WHAT IS NEEDED: Set down each entry below exactly as written, keeping the pictures out.

RECORDS FOR PROCESSING:
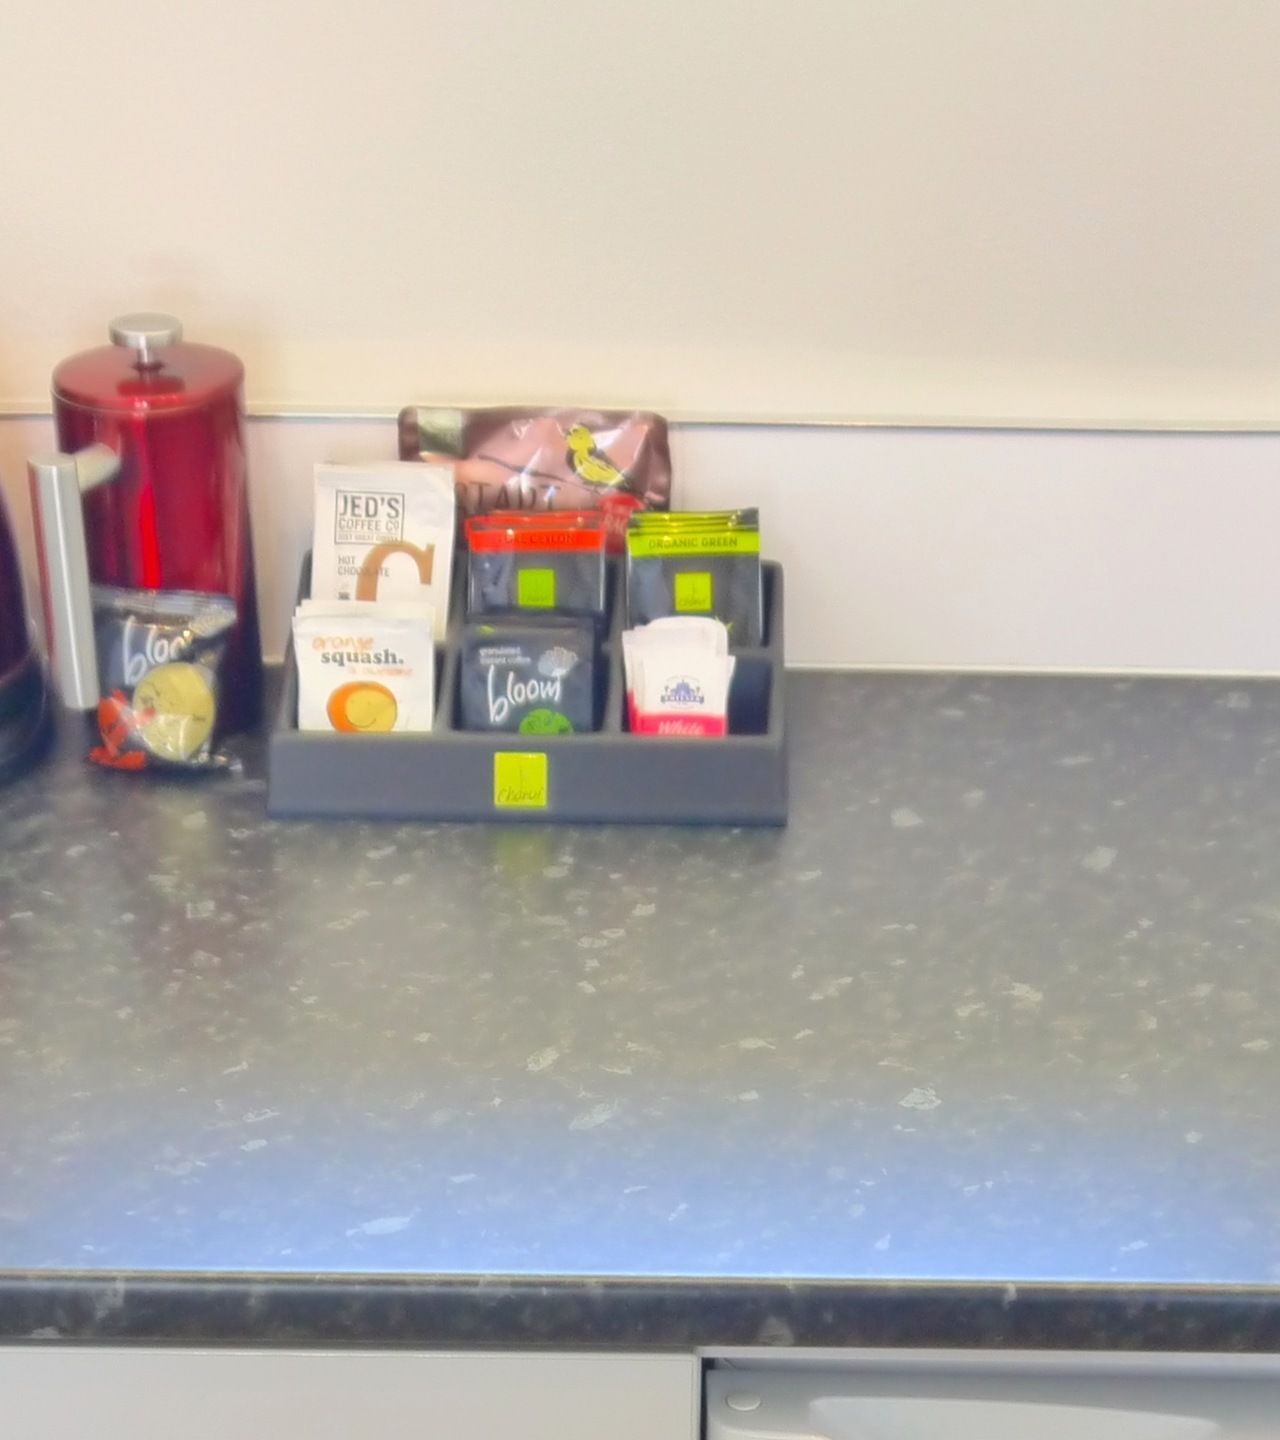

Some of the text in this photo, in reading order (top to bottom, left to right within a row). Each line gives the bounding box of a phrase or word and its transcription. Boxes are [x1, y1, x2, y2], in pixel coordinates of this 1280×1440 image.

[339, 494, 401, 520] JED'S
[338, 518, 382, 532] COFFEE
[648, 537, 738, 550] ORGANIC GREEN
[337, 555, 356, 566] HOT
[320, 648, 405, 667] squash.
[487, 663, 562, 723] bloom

WRITTEN RESPONSE:
Some of the text in this photo, in reading order (top to bottom, left to right within a row). Each line gives the bounding box of a phrase or word and its transcription. Boxes are [x1, y1, x2, y2], in pixel coordinates of this 1280×1440 image.

[339, 494, 401, 520] JED'S
[338, 518, 382, 532] COFFEE
[648, 537, 738, 550] ORGANIC GREEN
[337, 555, 356, 566] HOT
[320, 648, 405, 667] squash.
[487, 663, 562, 723] bloom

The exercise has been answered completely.